Task to complete >>
Quote each record exactly, please, leaving none out.
--- Supplied data Enclosed Below ---
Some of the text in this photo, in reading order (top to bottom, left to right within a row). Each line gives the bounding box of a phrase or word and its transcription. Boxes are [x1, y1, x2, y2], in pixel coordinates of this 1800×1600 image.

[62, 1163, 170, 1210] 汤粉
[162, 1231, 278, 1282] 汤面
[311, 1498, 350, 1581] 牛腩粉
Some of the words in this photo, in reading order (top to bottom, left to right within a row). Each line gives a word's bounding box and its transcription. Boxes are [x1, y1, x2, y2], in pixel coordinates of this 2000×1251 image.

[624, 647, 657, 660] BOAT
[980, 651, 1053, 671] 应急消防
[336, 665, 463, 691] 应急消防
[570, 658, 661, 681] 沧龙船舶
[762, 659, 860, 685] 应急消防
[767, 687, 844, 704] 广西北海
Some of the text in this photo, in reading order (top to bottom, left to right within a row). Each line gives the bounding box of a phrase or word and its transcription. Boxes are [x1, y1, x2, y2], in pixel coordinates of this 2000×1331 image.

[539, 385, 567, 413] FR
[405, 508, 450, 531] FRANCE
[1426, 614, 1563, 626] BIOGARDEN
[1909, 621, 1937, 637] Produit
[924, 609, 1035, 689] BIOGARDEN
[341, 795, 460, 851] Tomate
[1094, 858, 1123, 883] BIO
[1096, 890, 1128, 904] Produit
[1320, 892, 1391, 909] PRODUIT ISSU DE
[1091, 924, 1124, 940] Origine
--- End of Enclosed Supplied data ---
Output of the exercise >>
Some of the text in this photo, in reading order (top to bottom, left to right within a row). Each line gives the bounding box of a phrase or word and its transcription. Boxes are [x1, y1, x2, y2], in pixel coordinates of this 1800×1600 image.

[62, 1163, 170, 1210] 汤粉
[162, 1231, 278, 1282] 汤面
[311, 1498, 350, 1581] 牛腩粉
Some of the words in this photo, in reading order (top to bottom, left to right within a row). Each line gives a word's bounding box and its transcription. Boxes are [x1, y1, x2, y2], in pixel coordinates of this 2000×1251 image.

[624, 647, 657, 660] BOAT
[980, 651, 1053, 671] 应急消防
[336, 665, 463, 691] 应急消防
[570, 658, 661, 681] 沧龙船舶
[762, 659, 860, 685] 应急消防
[767, 687, 844, 704] 广西北海
Some of the text in this photo, in reading order (top to bottom, left to right within a row). Each line gives the bounding box of a phrase or word and its transcription. Boxes are [x1, y1, x2, y2], in pixel coordinates of this 2000×1331 image.

[539, 385, 567, 413] FR
[405, 508, 450, 531] FRANCE
[1426, 614, 1563, 626] BIOGARDEN
[1909, 621, 1937, 637] Produit
[924, 609, 1035, 689] BIOGARDEN
[341, 795, 460, 851] Tomate
[1094, 858, 1123, 883] BIO
[1096, 890, 1128, 904] Produit
[1320, 892, 1391, 909] PRODUIT ISSU DE
[1091, 924, 1124, 940] Origine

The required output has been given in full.